History GK Quiz-4

History GK Quiz-4

History Multiple Choice Questions (MCQs) Quiz for State and UPSC Civil Services Examinations. Objective Questions on History for competitive examinations.

    21. Who were the first kings to issue gold coins in India?

    (1) Mauryas 
    (2) Indo-Greeks
    (3) Guptas 
    (4) Kushans
    21. (2) The Indo-Greek kings were the first to issue gold coins in India and their coins were special in the sense that each king had his own distinctive coins by which he could be definitely identified. The names of at least thirty Bactrian kings are known with the help of numerous coins, and they help in the reconstruction of the history of the kings. The coins carry legends in Greek and also in Kharosthi and Brahmi.

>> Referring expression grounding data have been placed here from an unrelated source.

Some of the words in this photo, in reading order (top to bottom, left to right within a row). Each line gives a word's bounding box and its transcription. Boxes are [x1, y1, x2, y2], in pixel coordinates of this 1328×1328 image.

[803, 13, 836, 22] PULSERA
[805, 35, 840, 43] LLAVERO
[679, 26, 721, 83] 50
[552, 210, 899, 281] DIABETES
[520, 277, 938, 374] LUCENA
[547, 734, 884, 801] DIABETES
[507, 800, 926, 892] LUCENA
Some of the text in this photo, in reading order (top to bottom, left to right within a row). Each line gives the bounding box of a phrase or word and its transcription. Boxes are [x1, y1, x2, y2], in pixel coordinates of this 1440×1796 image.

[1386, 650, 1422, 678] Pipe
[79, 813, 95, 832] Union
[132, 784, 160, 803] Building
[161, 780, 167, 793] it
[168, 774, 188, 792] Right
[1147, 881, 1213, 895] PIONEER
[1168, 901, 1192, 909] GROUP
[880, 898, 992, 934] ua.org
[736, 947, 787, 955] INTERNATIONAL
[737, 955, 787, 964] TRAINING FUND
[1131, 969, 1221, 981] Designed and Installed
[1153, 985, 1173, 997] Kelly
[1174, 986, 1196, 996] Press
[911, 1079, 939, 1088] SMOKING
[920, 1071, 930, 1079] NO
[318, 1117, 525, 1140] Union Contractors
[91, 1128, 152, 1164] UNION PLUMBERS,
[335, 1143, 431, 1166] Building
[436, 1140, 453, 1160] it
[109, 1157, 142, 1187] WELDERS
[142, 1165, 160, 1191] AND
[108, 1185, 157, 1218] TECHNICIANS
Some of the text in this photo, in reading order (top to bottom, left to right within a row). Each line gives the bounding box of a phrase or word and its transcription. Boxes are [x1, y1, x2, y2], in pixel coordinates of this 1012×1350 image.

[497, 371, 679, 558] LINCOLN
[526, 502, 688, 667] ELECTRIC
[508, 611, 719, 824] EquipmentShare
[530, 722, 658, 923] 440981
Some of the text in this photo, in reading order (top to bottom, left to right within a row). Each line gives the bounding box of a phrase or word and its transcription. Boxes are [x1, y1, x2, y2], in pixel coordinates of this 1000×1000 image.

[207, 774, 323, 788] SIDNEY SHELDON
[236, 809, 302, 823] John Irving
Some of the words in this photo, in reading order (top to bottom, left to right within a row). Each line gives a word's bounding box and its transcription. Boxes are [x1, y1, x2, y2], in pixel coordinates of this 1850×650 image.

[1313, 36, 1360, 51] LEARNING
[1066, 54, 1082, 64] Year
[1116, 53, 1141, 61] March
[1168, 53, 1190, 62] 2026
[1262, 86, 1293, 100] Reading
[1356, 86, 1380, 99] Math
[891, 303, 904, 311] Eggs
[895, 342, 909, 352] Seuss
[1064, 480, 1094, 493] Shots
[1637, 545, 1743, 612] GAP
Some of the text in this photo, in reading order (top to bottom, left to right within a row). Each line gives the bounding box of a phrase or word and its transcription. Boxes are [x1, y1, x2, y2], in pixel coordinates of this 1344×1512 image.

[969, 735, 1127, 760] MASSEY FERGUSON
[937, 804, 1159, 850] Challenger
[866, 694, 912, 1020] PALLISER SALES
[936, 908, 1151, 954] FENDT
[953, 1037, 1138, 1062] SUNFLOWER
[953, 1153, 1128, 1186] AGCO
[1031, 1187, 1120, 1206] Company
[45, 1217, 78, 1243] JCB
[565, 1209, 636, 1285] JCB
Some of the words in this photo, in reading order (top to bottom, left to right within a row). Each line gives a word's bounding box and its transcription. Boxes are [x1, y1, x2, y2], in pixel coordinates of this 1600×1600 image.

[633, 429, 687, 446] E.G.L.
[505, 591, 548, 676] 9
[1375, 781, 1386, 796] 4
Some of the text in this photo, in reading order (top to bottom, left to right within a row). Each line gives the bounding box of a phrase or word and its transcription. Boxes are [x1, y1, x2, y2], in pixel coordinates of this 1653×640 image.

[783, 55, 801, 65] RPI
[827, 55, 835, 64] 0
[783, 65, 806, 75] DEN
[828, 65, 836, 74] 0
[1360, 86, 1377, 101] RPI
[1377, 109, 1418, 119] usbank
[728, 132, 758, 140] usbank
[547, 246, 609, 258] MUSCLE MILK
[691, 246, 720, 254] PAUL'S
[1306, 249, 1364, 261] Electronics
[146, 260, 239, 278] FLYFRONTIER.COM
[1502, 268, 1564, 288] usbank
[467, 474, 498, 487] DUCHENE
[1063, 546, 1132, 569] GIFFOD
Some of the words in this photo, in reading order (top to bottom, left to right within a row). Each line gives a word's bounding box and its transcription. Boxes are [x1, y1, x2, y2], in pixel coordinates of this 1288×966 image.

    22. Where is Brihadeshwar Temple situated ?

    (1) Kanchi 
    (2) Madurai
    (3) Shri Shailan 
    (4) Tanjore
    22. (4) The Brihadeshwar Temple at Thanjavur (Tanjore) in the Indian state of Tamil Nadu, is a Hindu temple dedicated to Shiva and a brilliant example of the major heights achieved by Cholas in Tamil architecture. It is a tribute and a reflection of the power of its patron Raja Raja Chola I. It remains India’s largest temple and is one of the greatest glories of Indian architecture. The temple is part of the UNESCO World Heritage Site “Great Living Chola Temples”.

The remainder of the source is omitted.